→ The data
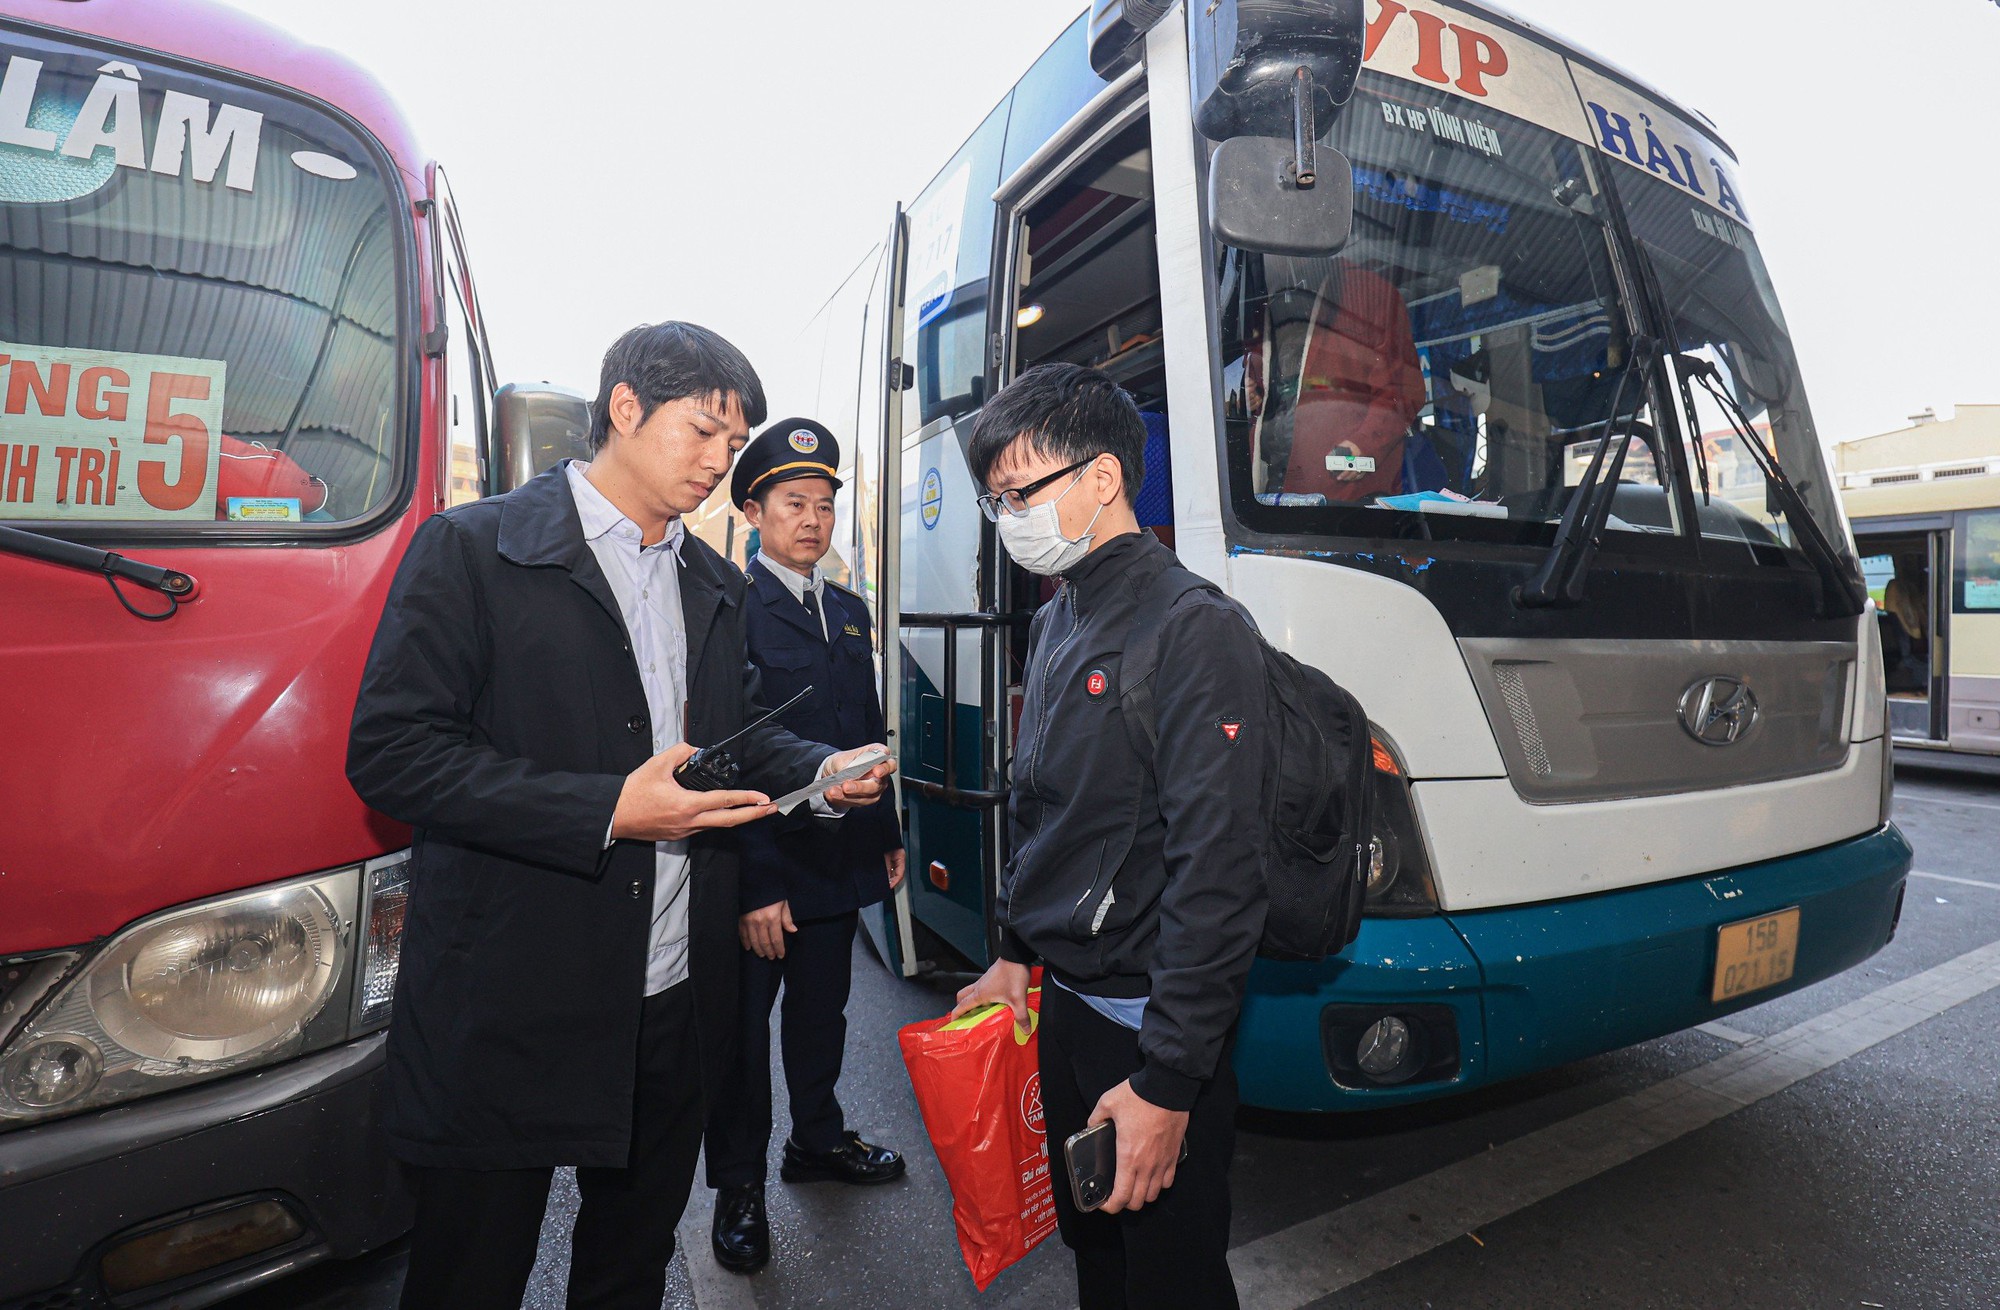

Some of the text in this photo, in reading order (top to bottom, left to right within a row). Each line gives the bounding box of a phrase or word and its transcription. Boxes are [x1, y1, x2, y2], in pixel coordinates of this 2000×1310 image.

[0, 55, 264, 193] LÂM
[1381, 101, 1502, 157] BX HP VĨNH NIỆM
[1587, 101, 1705, 196] HẢI
[0, 354, 130, 421] NG
[55, 437, 121, 505] TRÌ
[137, 371, 211, 511] 5
[1746, 919, 1778, 956] 15B

→ Exercise goal
Copy the entire listing exactly but skip the pictures.

→ Exercise result
Some of the text in this photo, in reading order (top to bottom, left to right within a row). Each line gives the bounding box of a phrase or word and its transcription. Boxes are [x1, y1, x2, y2], in pixel coordinates of this 2000×1310 image.

[0, 55, 264, 193] LÂM
[1381, 101, 1502, 157] BX HP VĨNH NIỆM
[1587, 101, 1705, 196] HẢI
[0, 354, 130, 421] NG
[55, 437, 121, 505] TRÌ
[137, 371, 211, 511] 5
[1746, 919, 1778, 956] 15B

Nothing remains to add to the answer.